## Assignment
Leave the pictures out. Return the rest of the listing below exactly.

## Exercise data
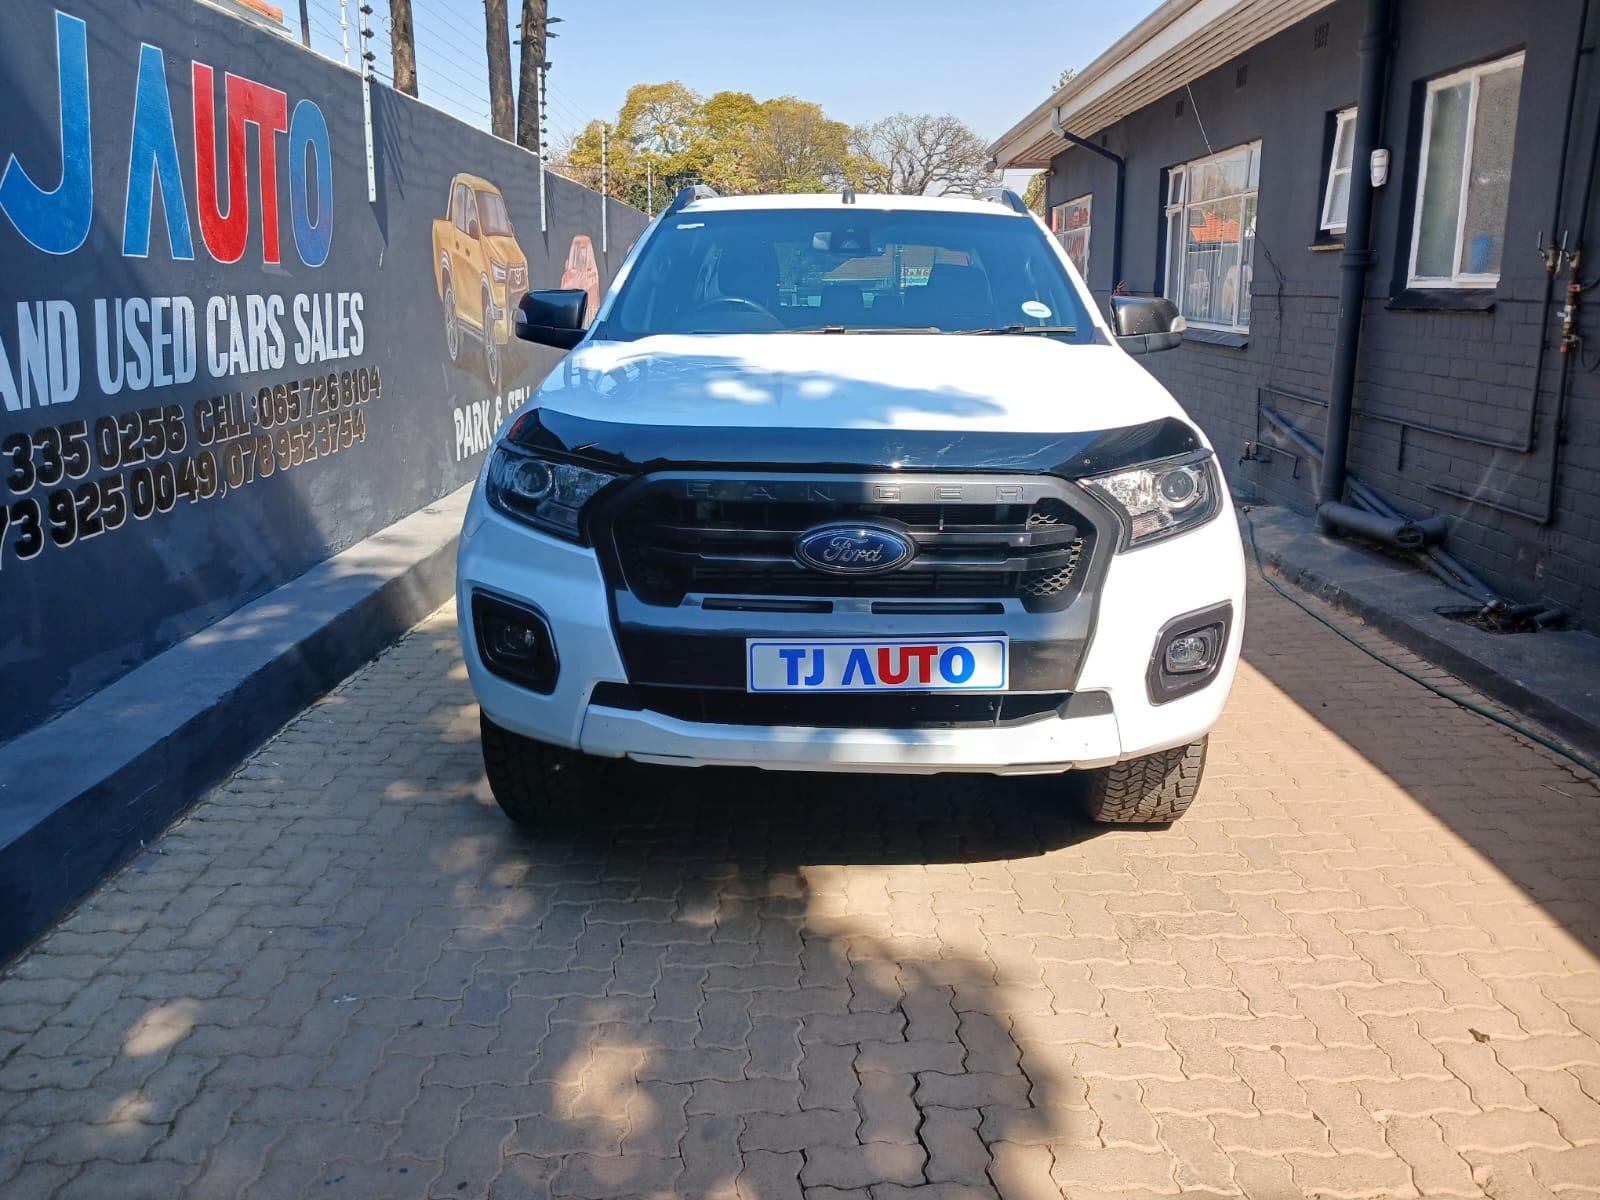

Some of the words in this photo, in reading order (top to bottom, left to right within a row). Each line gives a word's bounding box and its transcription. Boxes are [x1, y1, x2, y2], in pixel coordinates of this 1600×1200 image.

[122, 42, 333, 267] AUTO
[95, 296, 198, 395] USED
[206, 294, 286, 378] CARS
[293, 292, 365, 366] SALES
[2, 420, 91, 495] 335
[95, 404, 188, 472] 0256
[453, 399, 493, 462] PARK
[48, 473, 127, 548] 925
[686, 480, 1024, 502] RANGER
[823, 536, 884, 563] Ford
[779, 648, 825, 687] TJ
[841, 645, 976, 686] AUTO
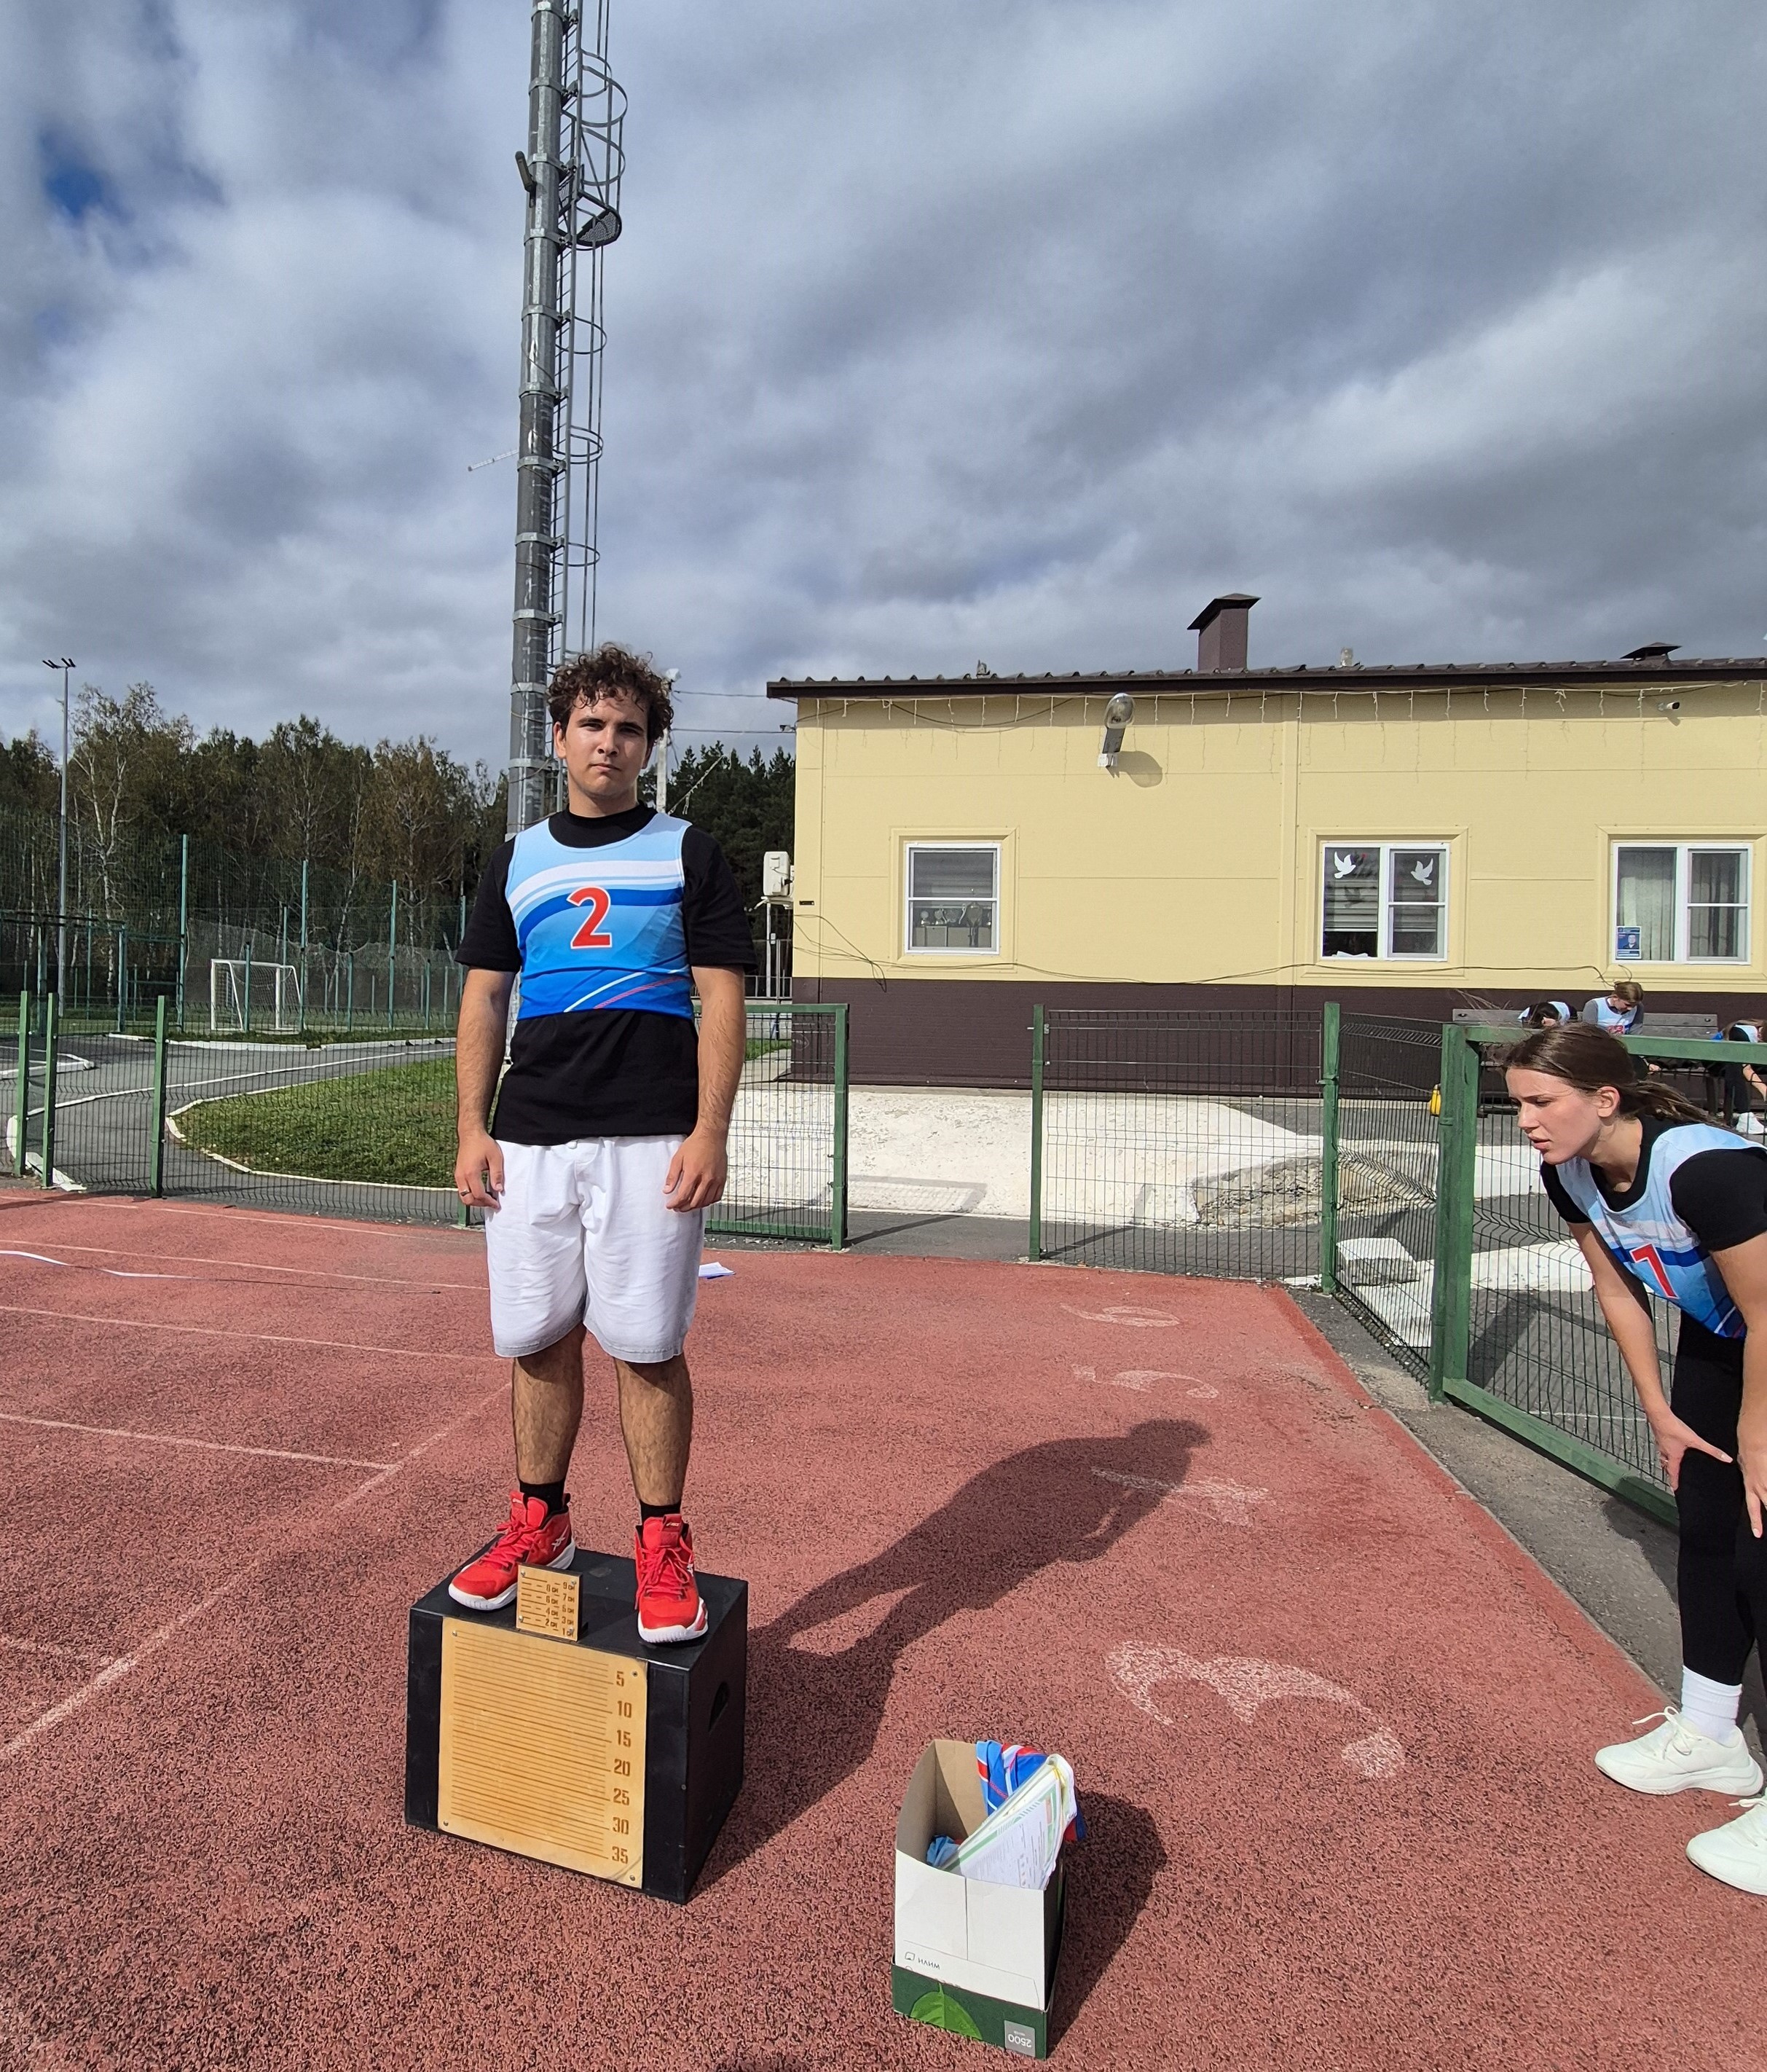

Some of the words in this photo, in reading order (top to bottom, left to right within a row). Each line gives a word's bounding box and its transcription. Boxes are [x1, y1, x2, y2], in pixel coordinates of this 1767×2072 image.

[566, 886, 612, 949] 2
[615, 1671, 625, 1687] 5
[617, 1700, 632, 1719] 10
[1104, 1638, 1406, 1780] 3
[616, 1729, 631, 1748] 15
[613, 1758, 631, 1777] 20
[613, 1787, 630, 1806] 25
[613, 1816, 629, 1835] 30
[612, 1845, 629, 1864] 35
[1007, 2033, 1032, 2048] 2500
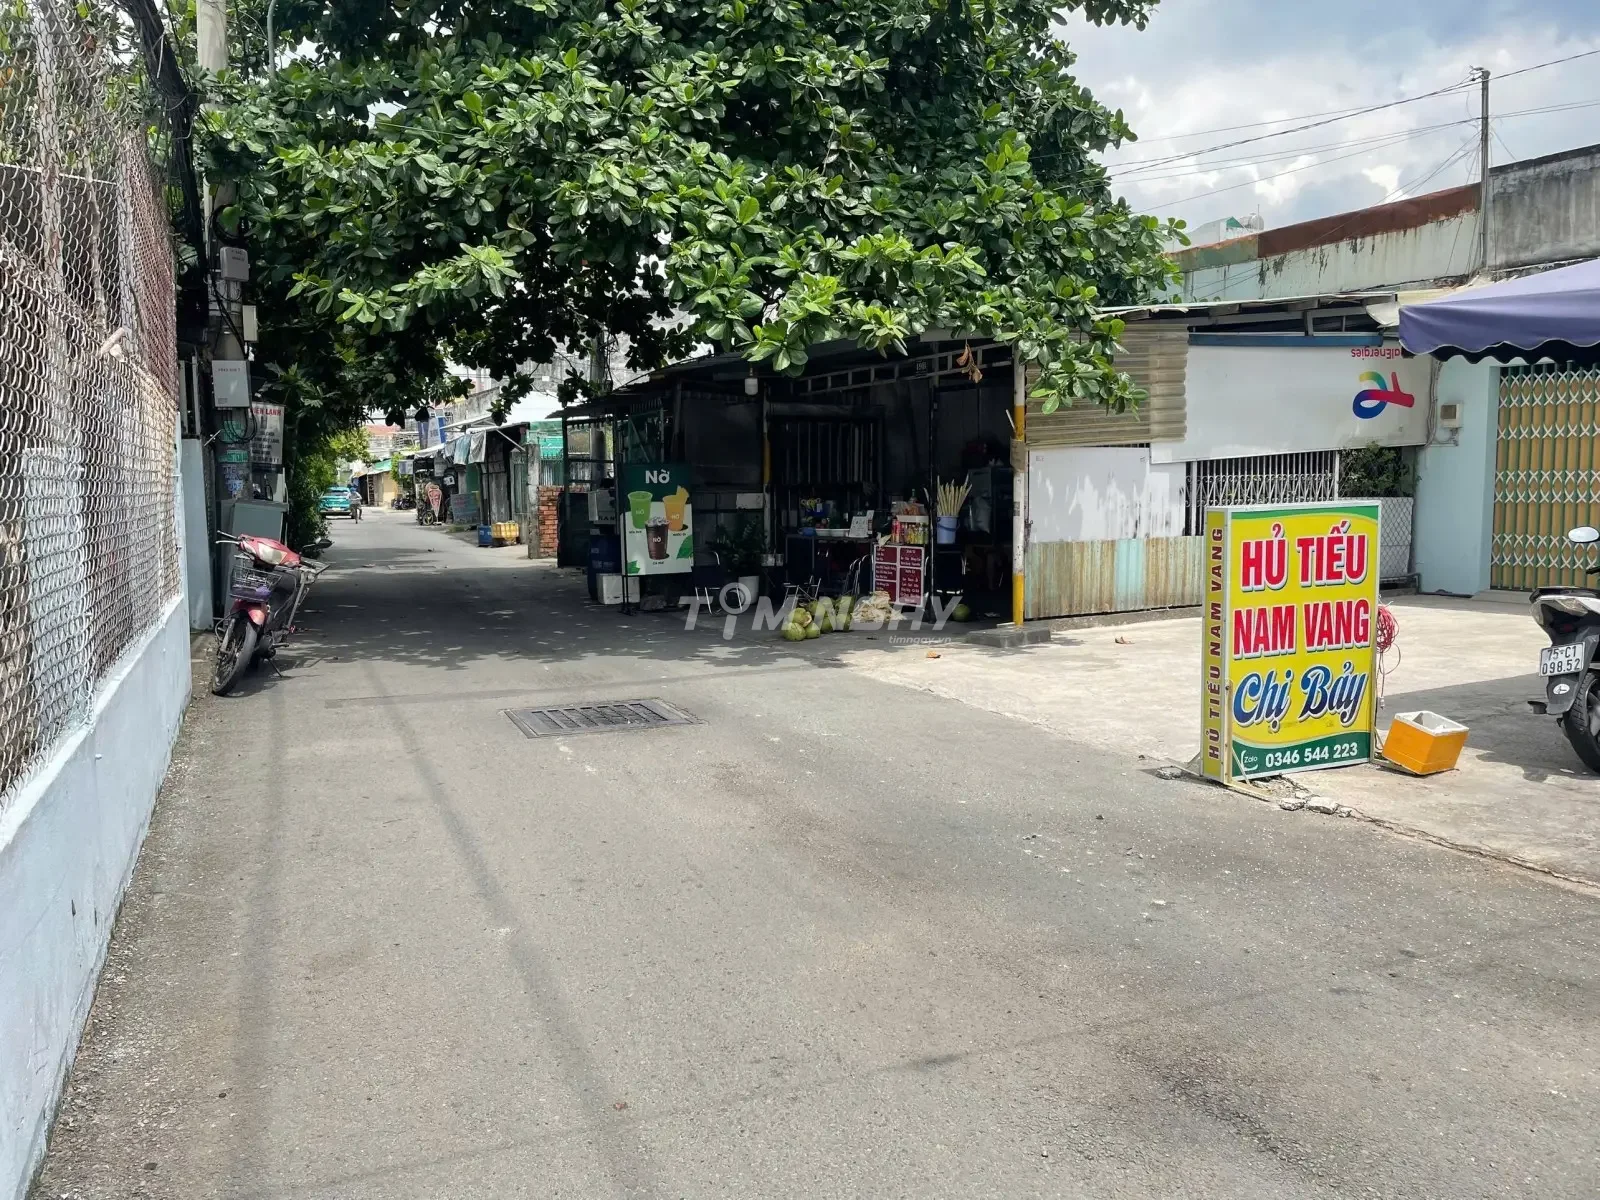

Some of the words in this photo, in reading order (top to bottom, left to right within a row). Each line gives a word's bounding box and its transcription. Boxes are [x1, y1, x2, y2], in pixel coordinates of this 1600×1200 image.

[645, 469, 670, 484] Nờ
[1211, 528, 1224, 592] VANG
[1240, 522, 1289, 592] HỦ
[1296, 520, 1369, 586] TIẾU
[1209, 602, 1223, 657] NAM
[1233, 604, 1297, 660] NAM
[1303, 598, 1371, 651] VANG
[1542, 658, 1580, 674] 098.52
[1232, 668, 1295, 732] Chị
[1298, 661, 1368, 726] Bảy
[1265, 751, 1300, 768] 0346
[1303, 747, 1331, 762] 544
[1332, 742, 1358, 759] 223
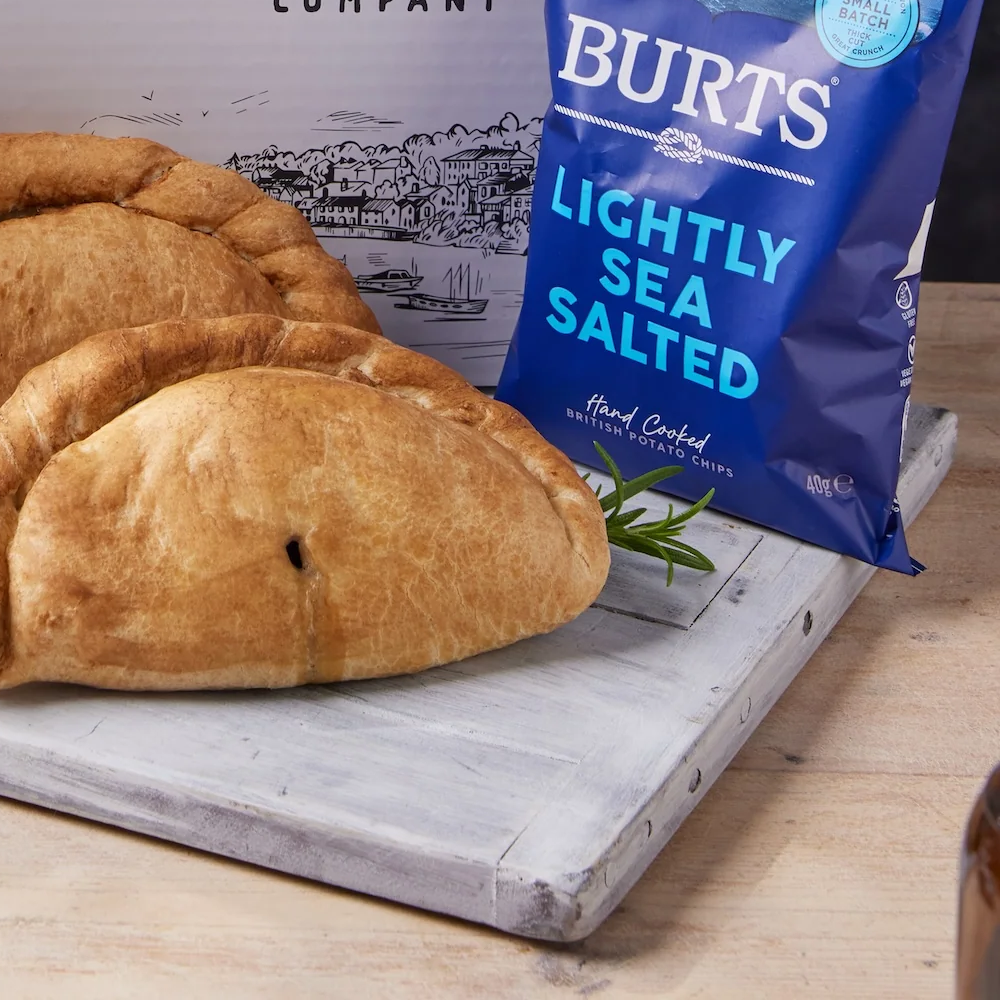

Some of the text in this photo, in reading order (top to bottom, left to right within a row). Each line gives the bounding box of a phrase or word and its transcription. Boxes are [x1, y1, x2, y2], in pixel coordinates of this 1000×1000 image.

## Task answer
Some of the words in this photo, in reading order (top to bottom, left to right within a row). Each line gives a word's bounding box and its transcription. Boxes are [x1, y1, x2, y2], in pixel coordinates of this 1600×1200 image.

[122, 42, 333, 267] AUTO
[95, 296, 198, 395] USED
[206, 294, 286, 378] CARS
[293, 292, 365, 366] SALES
[2, 420, 91, 495] 335
[95, 404, 188, 472] 0256
[453, 399, 493, 462] PARK
[48, 473, 127, 548] 925
[686, 480, 1024, 502] RANGER
[823, 536, 884, 563] Ford
[779, 648, 825, 687] TJ
[841, 645, 976, 686] AUTO

Some of the words in this photo, in reading order (top to bottom, left to right within a row). Each line gives a word's bounding box and its transcription. Boxes are [x1, y1, x2, y2], in pixel coordinates of this 1767×2072 image.

[566, 886, 612, 949] 2
[615, 1671, 625, 1687] 5
[617, 1700, 632, 1719] 10
[1104, 1638, 1406, 1780] 3
[616, 1729, 631, 1748] 15
[613, 1758, 631, 1777] 20
[613, 1787, 630, 1806] 25
[613, 1816, 629, 1835] 30
[612, 1845, 629, 1864] 35
[1007, 2033, 1032, 2048] 2500

Some of the words in this photo, in reading order (top to bottom, left to right within a row). Each line gives a word's bounding box and its transcription. Boxes are [x1, y1, x2, y2], in pixel coordinates of this 1600×1200 image.

[645, 469, 670, 484] Nờ
[1211, 528, 1224, 592] VANG
[1240, 522, 1289, 592] HỦ
[1296, 520, 1369, 586] TIẾU
[1209, 602, 1223, 657] NAM
[1233, 604, 1297, 660] NAM
[1303, 598, 1371, 651] VANG
[1542, 658, 1580, 674] 098.52
[1232, 668, 1295, 732] Chị
[1298, 661, 1368, 726] Bảy
[1265, 751, 1300, 768] 0346
[1303, 747, 1331, 762] 544
[1332, 742, 1358, 759] 223

Some of the text in this photo, in reading order (top to bottom, left to right within a row). Each line gives the bounding box of a phrase or word and its transcription. Boxes are [x1, y1, x2, y2], in pixel coordinates of this 1000×1000 image.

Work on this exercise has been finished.